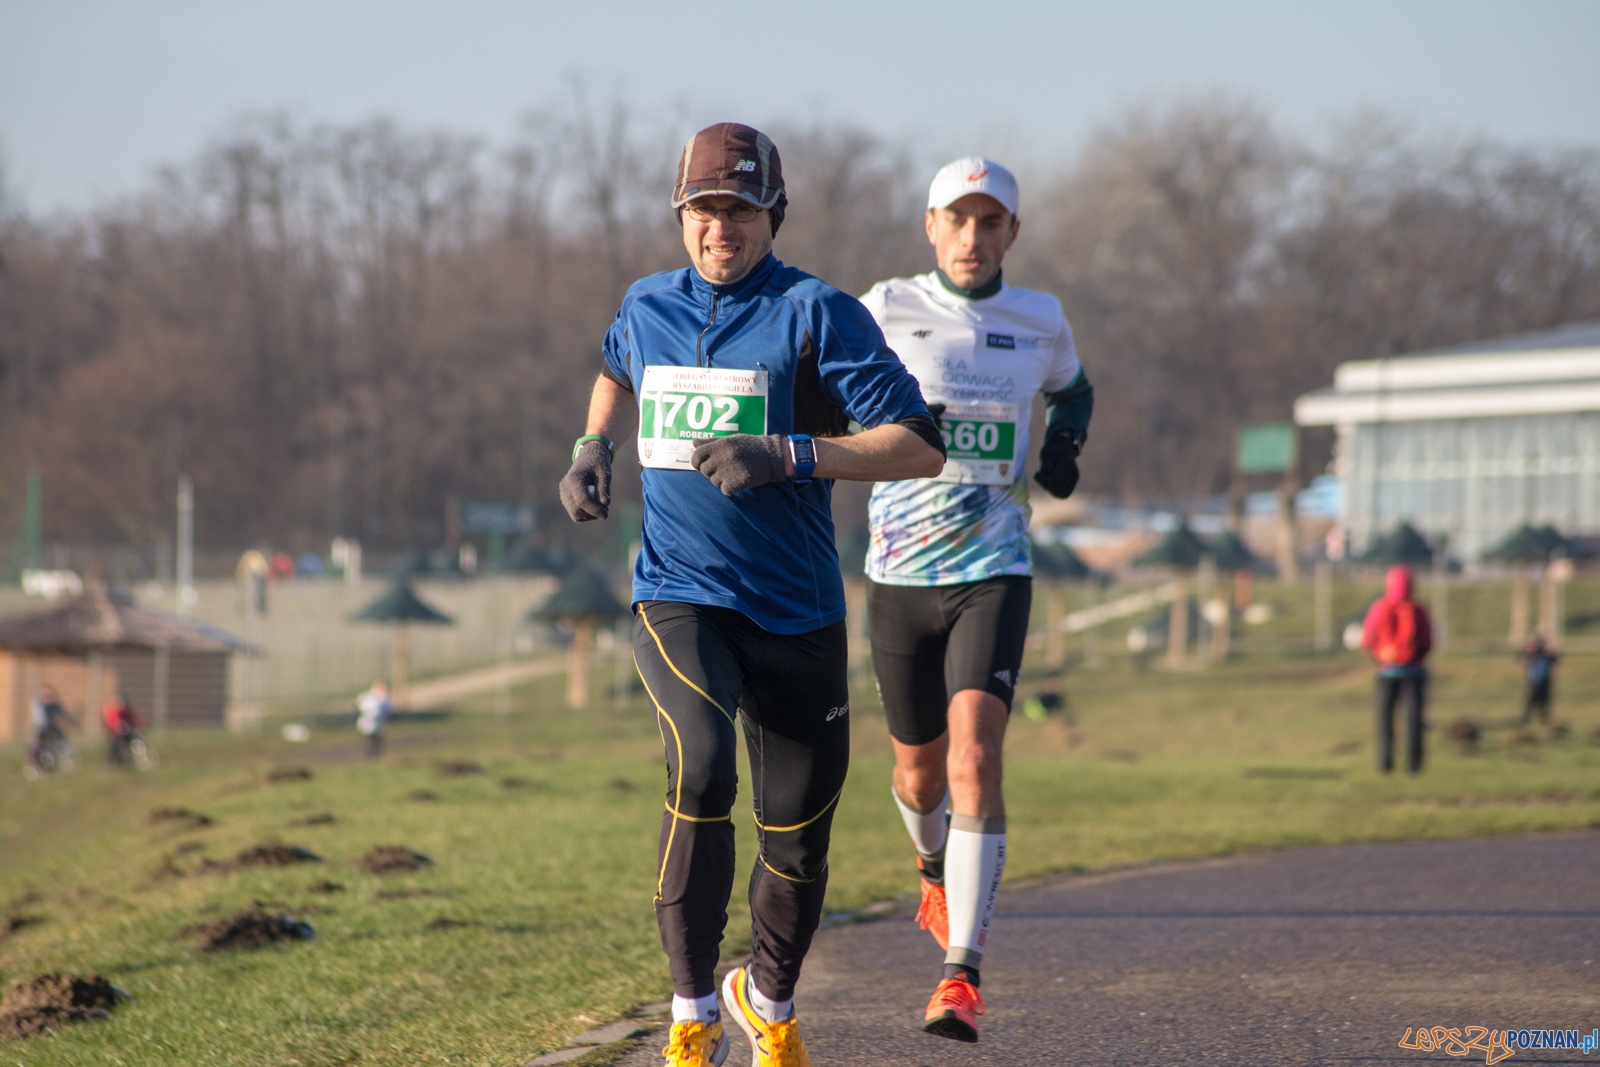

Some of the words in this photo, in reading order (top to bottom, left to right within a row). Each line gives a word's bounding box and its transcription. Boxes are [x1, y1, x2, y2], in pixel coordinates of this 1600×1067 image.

[679, 373, 698, 381] BIEG
[942, 371, 1015, 388] ODWAGA
[672, 382, 712, 391] RYSZARDA
[662, 394, 739, 431] 702
[679, 430, 715, 439] ROBERT
[947, 450, 980, 459] DOMINIK
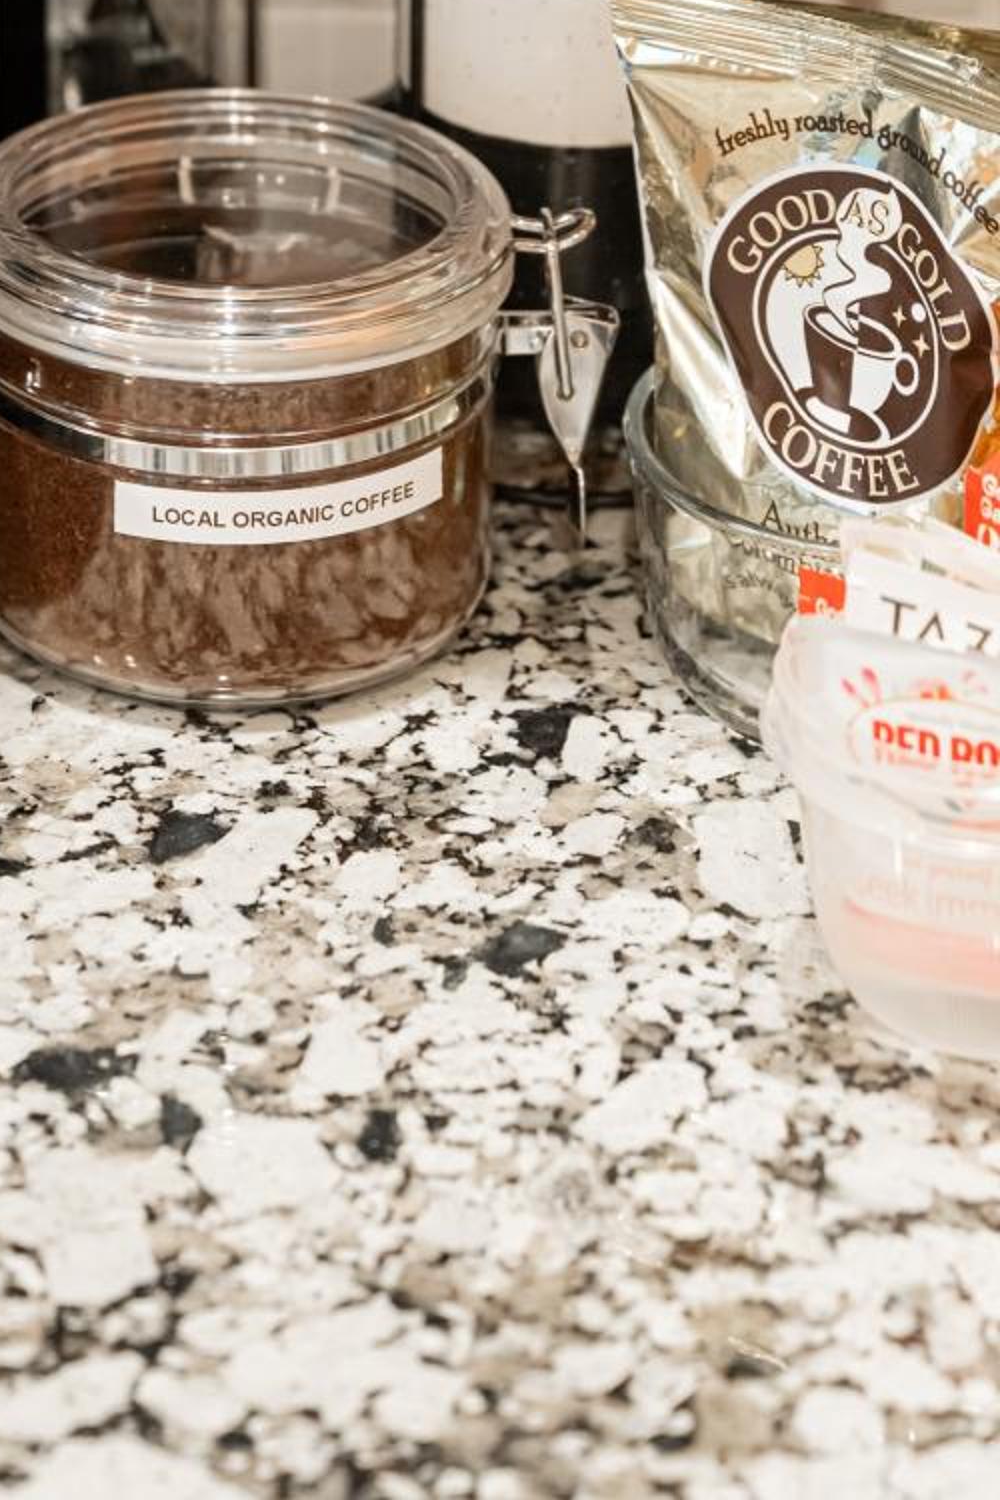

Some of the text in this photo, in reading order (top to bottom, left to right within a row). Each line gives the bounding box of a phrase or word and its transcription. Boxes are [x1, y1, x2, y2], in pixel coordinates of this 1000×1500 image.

[715, 108, 1000, 234] freshly roasted ground coffee
[727, 188, 972, 351] GOOD AS GOLD
[763, 401, 920, 497] COFFEE
[152, 481, 415, 529] LOCAL ORGANIC COFFEE
-.-.-
*What you are asked to do*:
Copy out the lines above in full and unaltered, apart from the pictures.

*Task result*:
Some of the words in this photo, in reading order (top to bottom, left to right within a row). Each line gives a word's bounding box and its transcription. Boxes are [x1, y1, x2, y2], in pixel coordinates of this 1600×1067 image.

[679, 373, 698, 381] BIEG
[942, 371, 1015, 388] ODWAGA
[672, 382, 712, 391] RYSZARDA
[662, 394, 739, 431] 702
[679, 430, 715, 439] ROBERT
[947, 450, 980, 459] DOMINIK

Some of the text in this photo, in reading order (top to bottom, left to right within a row). Each line gives the bounding box of a phrase or word and its transcription. Boxes are [x1, y1, x2, y2], in pixel coordinates of this 1000×1500 image.

[715, 108, 1000, 234] freshly roasted ground coffee
[727, 188, 972, 351] GOOD AS GOLD
[763, 401, 920, 497] COFFEE
[152, 481, 415, 529] LOCAL ORGANIC COFFEE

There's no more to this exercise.